YOUR GOAL: Only an exact, line-for-line copy of the data will serve as the answer.

── EXCERPTED RECORDS

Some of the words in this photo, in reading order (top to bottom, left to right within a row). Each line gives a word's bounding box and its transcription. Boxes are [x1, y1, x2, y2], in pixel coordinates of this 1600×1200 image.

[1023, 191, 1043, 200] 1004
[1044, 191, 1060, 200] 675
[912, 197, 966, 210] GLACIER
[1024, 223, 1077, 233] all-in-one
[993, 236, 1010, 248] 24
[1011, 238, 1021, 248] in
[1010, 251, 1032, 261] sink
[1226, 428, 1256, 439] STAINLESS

────

RESULT:
Some of the words in this photo, in reading order (top to bottom, left to right within a row). Each line gives a word's bounding box and its transcription. Boxes are [x1, y1, x2, y2], in pixel coordinates of this 1600×1200 image.

[1023, 191, 1043, 200] 1004
[1044, 191, 1060, 200] 675
[912, 197, 966, 210] GLACIER
[1024, 223, 1077, 233] all-in-one
[993, 236, 1010, 248] 24
[1011, 238, 1021, 248] in
[1010, 251, 1032, 261] sink
[1226, 428, 1256, 439] STAINLESS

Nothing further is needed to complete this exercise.